One of the most historic bridges on Donside has been closed over fears the nationally important grade A listed landmark could be in danger of collapse after recent severe weather.
Yesterday, locals said cracks had appeared in the arched roadway of the 183-year-old Bridge of Keig, with a visible bulge threatening to dislodge part of the parapet above.
Aberdeenshire Council’s website confirmed the road will remain closed until further notice “due to danger of bridge collapse.”
A council spokesman said the extent was still being assessed.
“The bridge has been damaged by freeze-and-thawing to the area above its arch,” he said.
This has caused bulging of the side walls and cracks in the road surface.”
A Historic Scotland spokesman said some structural movement had been detected in the bridge and ways of stabilising the structure were being looked at with council engineers.
“As the bridge is nationally important, we would want to ensure any work would not harm the bridge’s significance.”
A local resident said last night: “We were notified through the village primary school that no traffic would be allowed over the bridge, which provides a popular shortcut to traffic and a scenic local walk.”

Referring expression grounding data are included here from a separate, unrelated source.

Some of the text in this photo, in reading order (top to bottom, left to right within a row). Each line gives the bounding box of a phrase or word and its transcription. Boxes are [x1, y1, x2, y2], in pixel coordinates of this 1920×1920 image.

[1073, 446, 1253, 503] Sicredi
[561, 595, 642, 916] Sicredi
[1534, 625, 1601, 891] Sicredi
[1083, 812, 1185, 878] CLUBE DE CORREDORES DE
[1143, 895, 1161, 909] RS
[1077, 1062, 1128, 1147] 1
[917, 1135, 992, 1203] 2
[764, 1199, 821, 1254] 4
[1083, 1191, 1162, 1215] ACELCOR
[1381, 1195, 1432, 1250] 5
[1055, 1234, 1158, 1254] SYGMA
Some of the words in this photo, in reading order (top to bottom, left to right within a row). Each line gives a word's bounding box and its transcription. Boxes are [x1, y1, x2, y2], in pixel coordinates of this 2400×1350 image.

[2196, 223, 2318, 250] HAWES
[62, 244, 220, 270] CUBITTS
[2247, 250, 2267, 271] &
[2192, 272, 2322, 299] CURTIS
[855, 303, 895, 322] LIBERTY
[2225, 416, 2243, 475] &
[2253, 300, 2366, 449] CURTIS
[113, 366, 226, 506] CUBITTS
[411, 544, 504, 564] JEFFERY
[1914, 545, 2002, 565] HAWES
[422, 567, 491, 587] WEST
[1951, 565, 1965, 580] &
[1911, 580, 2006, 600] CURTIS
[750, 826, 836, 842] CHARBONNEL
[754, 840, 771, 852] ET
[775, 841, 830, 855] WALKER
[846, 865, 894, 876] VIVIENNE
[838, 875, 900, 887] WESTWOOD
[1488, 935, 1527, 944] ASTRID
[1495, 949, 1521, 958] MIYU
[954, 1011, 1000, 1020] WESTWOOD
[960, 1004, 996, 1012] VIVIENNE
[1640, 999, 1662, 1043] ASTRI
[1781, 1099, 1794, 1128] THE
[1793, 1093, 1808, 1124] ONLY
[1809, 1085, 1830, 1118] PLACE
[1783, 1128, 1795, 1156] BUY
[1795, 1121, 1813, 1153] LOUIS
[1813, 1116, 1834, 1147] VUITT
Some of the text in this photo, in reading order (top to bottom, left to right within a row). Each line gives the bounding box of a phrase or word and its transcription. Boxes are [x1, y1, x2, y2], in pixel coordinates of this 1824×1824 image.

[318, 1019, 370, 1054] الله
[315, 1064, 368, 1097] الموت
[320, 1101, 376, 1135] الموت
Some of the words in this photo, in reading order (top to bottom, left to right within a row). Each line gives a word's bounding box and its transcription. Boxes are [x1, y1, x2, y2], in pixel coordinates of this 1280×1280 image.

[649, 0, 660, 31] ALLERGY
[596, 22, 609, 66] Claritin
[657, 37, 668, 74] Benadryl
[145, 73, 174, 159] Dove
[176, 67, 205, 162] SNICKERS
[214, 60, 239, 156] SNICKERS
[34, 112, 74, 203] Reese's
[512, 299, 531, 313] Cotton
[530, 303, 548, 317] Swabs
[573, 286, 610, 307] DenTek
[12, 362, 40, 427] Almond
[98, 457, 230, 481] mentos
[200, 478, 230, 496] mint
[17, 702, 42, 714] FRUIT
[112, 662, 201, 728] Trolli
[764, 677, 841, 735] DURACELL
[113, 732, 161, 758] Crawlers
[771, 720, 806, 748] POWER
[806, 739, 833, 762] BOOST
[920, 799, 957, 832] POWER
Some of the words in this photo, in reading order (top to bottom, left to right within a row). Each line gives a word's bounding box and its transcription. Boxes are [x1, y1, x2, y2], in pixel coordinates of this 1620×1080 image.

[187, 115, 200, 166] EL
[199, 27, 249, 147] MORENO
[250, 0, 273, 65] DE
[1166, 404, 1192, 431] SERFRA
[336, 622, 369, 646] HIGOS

Barricades have now been erected across the B992 Whitehouse-Keig road on both sides of the bridge.
The 101ft bridge is one of the longest single-span granite structures in Scotland, and was designed by renowned architect Thomas Telford. It was built by local mason William Minto, who is buried at Alford.
Aberdeenshire Council said the bridge would remain closed to all traffic, including emergency services vehicles, until further notice. Local residents said they had been warned to keep children away from the bridge.
“I was turned back when I was walking my dog as usual and told no pedestrians were being allowed across because the bridge was unsound,” said one man. Diversion signs have been put in place at nearby junctions.
Local road users, including school buses, are now having to use a detour via Montgarrie Bridge several miles upstream. It was rebuilt by Aberdeenshire Council two years ago at a cost of £733,000 after fears for its safety.